Leading a Technological Revolution
Though ethanol is currently the most economically-viable of all biofuels, it is by no means the only one. Oyler is the business face of a large research effort aimed at developing the viability of algal biofuels. The team of researchers he works with hope to genetically engineer algae that eventually will produce enough oil to help fuel the world, but they are starting from the beginning.
“This is a new frontier, really. If you look at corn, let’s say, it’s taken 8,000 years to go from a small grass to these beautiful ears of corn that are highly productive, and in fact if you go from 1920 to the year 2000, there’s been a quadrupling or more of productivity of corn,” Oyler said. “We’re starting where we were 8,000 years ago with algae to make it an agricultural crop and we need to use research to do that in 20 years rather than 8,000 years, or to compress that 80 years of huge increase in productivity of corn down to eight years.” It will be at least five years and probably closer to a decade before algae-based biofuels are ready to go to market, according to Oyler.
The New Technology
In addition to developing biofuels, there are also important non-biofuel-related technologies being developed from the algae research being done at UNL. Technology is being developed to make algae useful for cleaning up pollution from feedlots and also to further medical research, such as the study of lipids.
“Understanding how lipids are used in algae actually can have impact all the way up to understanding how lipids are used in human tissues (like) the liver and fat cells,” Oyler said. “And that can help us understand diabetes and obesity.”
According to Oyler, by melding algal biofuel technology with existing corn-based ethanol technology, Nebraska can eventually make its ethanol more environmentally-friendly and competitive.
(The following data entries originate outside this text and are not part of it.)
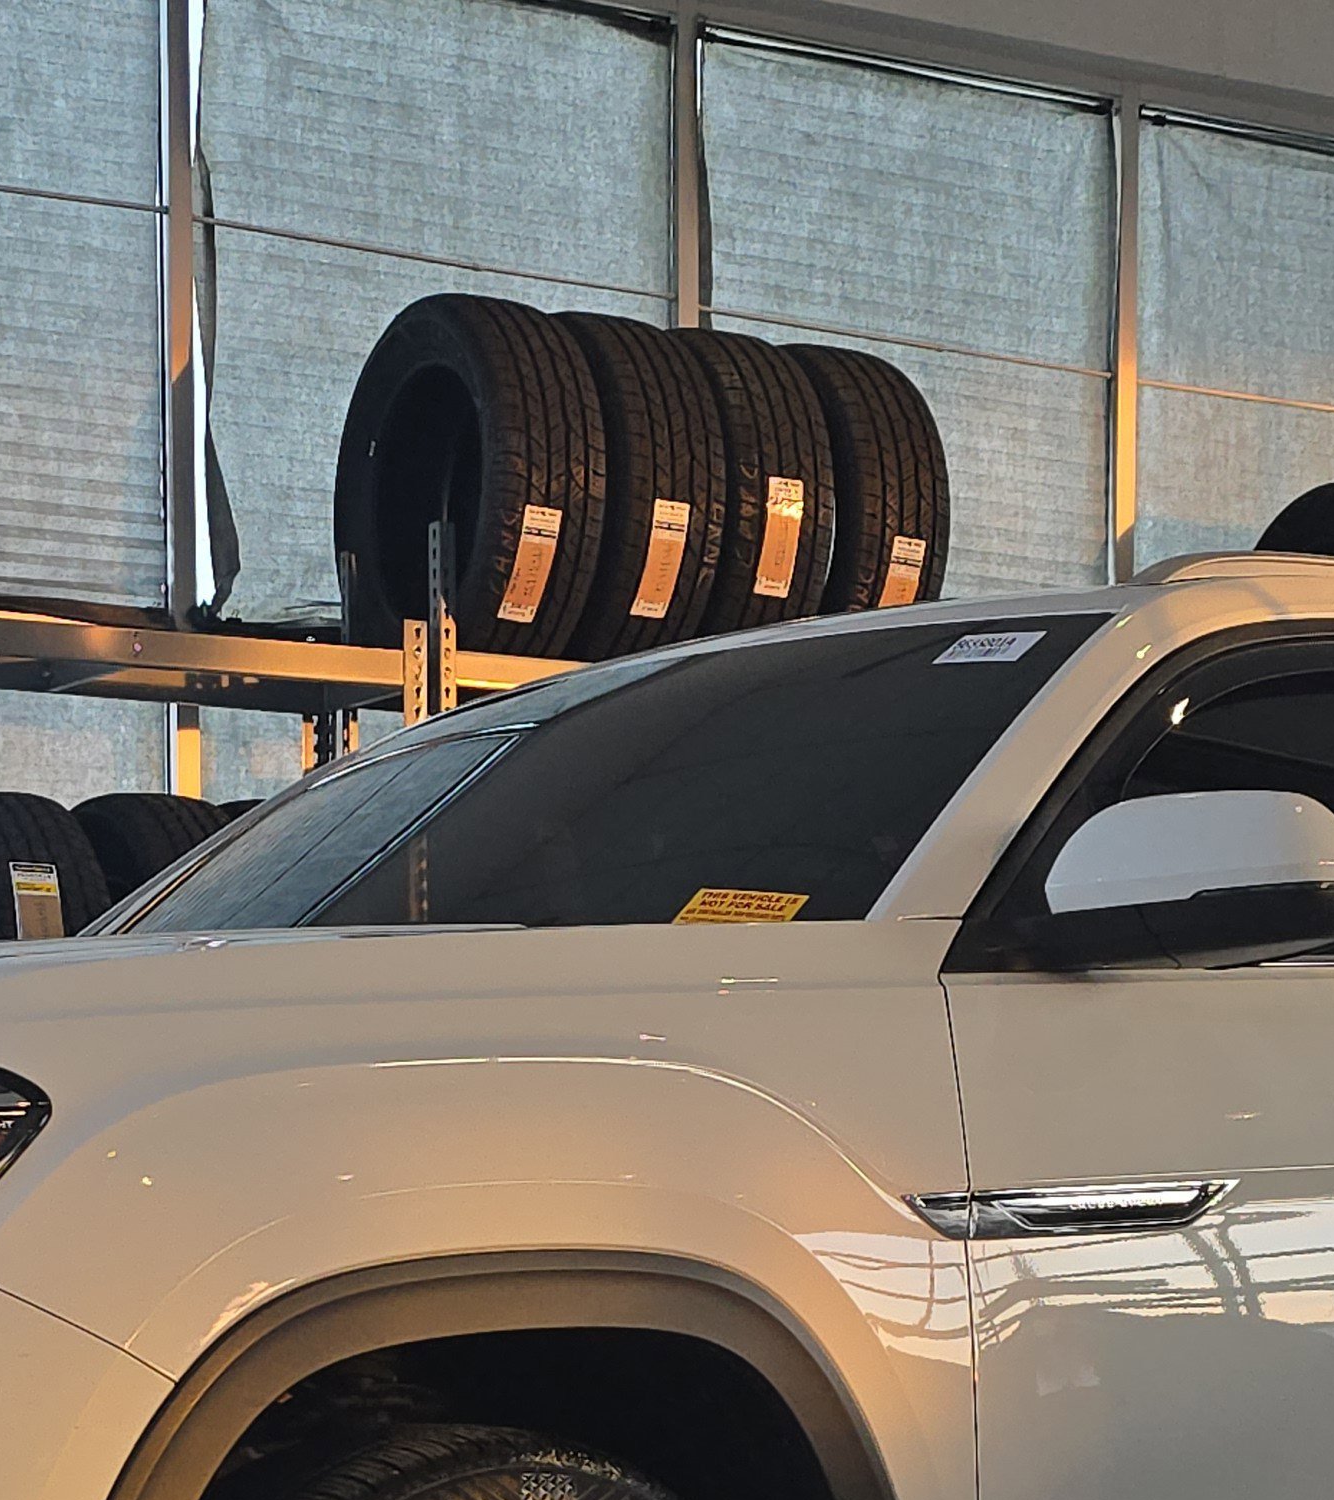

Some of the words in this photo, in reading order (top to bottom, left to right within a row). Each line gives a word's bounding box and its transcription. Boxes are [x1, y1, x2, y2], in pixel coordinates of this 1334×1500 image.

[701, 891, 728, 900] THIS
[732, 892, 783, 903] VEHICLE
[785, 897, 800, 905] IS
[727, 901, 752, 910] FOR
[754, 903, 787, 912] SALE
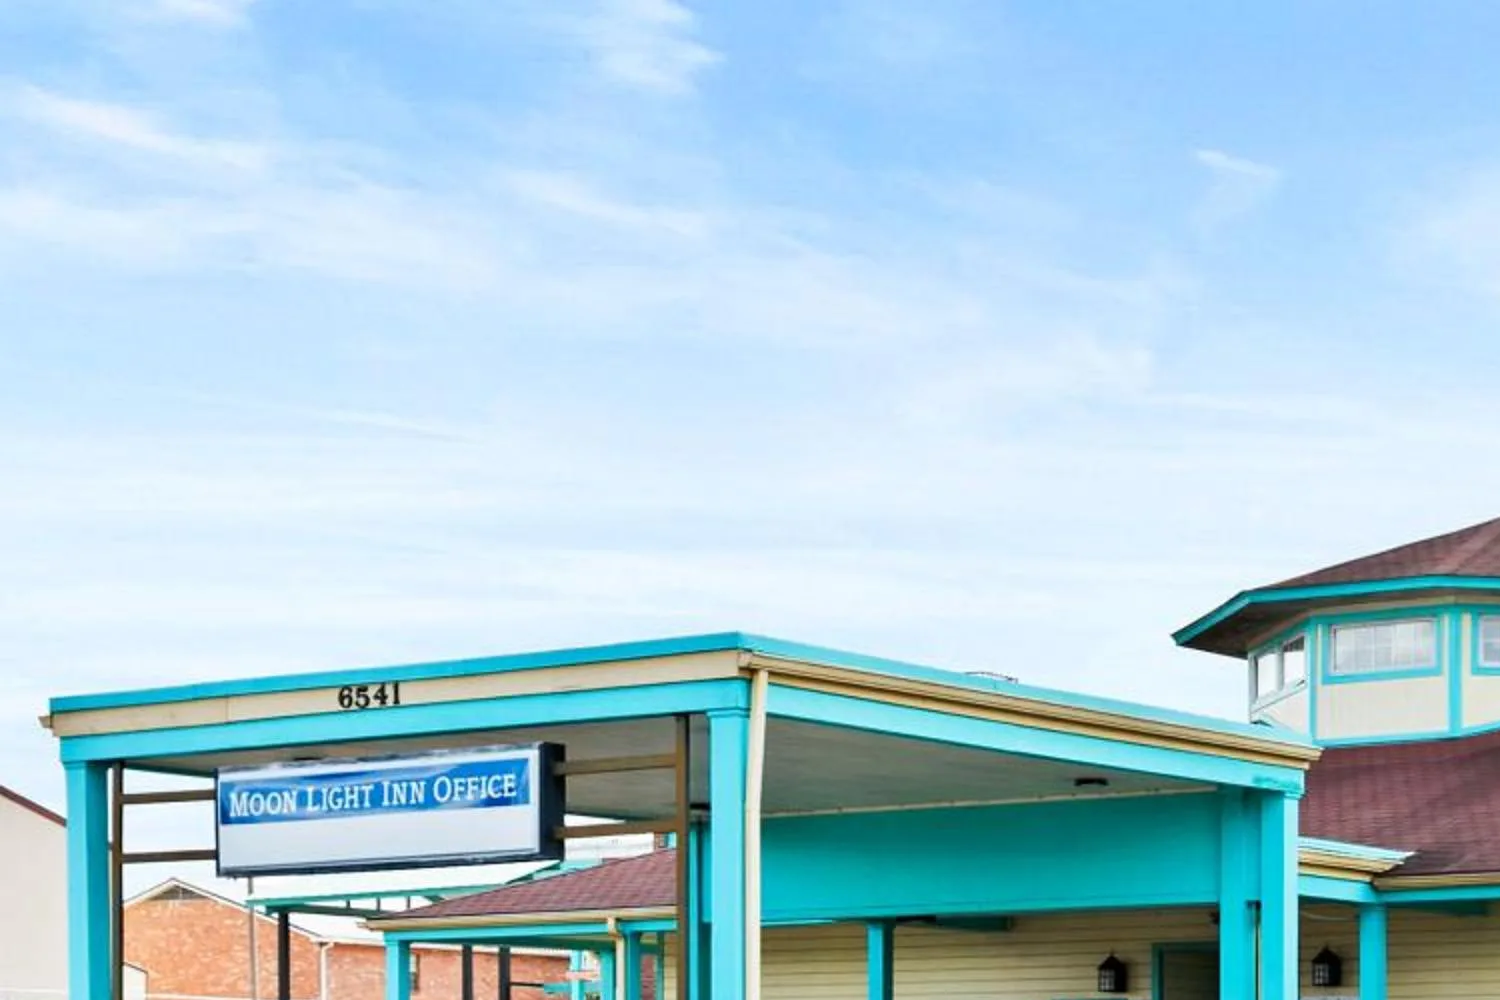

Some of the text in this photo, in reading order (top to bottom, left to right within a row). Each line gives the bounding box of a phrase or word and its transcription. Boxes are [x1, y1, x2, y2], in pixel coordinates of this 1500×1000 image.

[338, 680, 400, 708] 6541
[229, 773, 517, 817] MOON LIGHT INN OFFICE
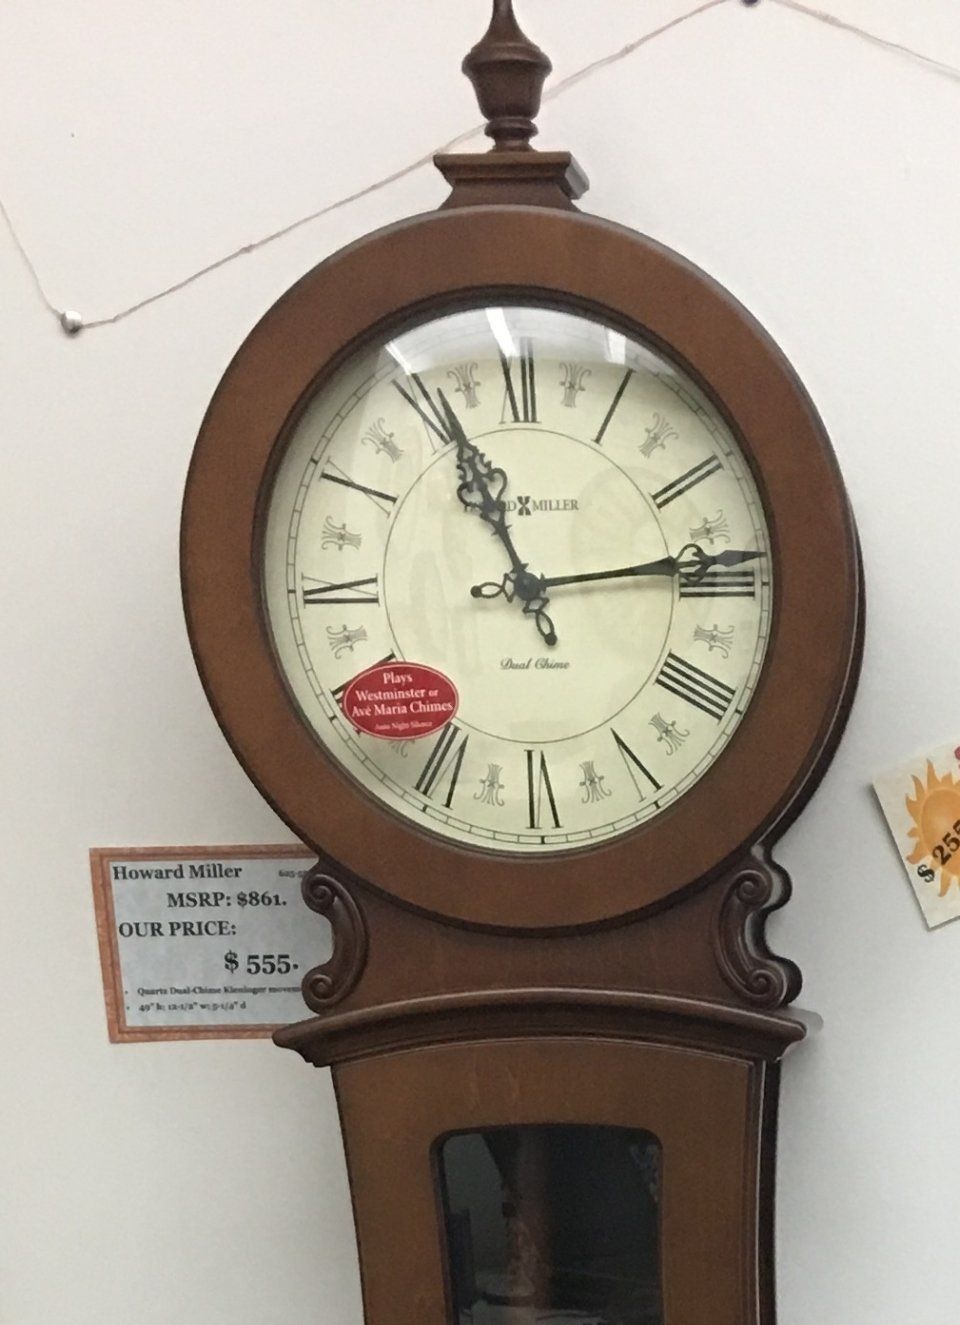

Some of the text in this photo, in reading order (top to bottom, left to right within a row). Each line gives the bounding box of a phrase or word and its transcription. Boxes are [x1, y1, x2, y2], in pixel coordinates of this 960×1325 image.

UNL researchers hope to do this by feeding biofuel-producing algae with ethanol byproducts like carbon dioxide from fermentation. This would reduce ethanol’s carbon footprint while producing more fuel. But in order to do that, university scientists must first find efficient ways to grow algae.
“To make algae successful in leading to a biofuel, we really have to start with engineering the containers of the systems called photobio reactors that the algae are grow in,” Oyler said. “Those can be as simple as paddlewheel-stirred ponds, to something much more sophisticated.”
After that’s achieved, the researchers have learned to keep their newly-developed crop alive long enough to get oil from it. There are a host of viruses that prey on algae, and they could pose a major obstacle to any kind of large-scale exploitation of a single kind of algae for biofuel.
“What we know from agriculture is when you have a single crop in an area, ultimately you’ll get some…potentially disastrous diseases,” Oyler said. “We don’t even know the viruses that are out there, and if you look at a gallon of ocean water, it’s filled with algae viruses and we’re going to need to understand those much better ... a lot of that world-leading work is coming from here.”
Oyler and his research associates have found national sources of funding for their research. The U.S. Department of Energy is contributing almost $2 million to the biofuels research of Dr. Paul Black, a member of the UNL algae research team, and The National Science Foundation is contributing almost $9 million over five years towards algal biofuels research through its Experimental Program to Stimulate Competitive Research (EPSCOR.)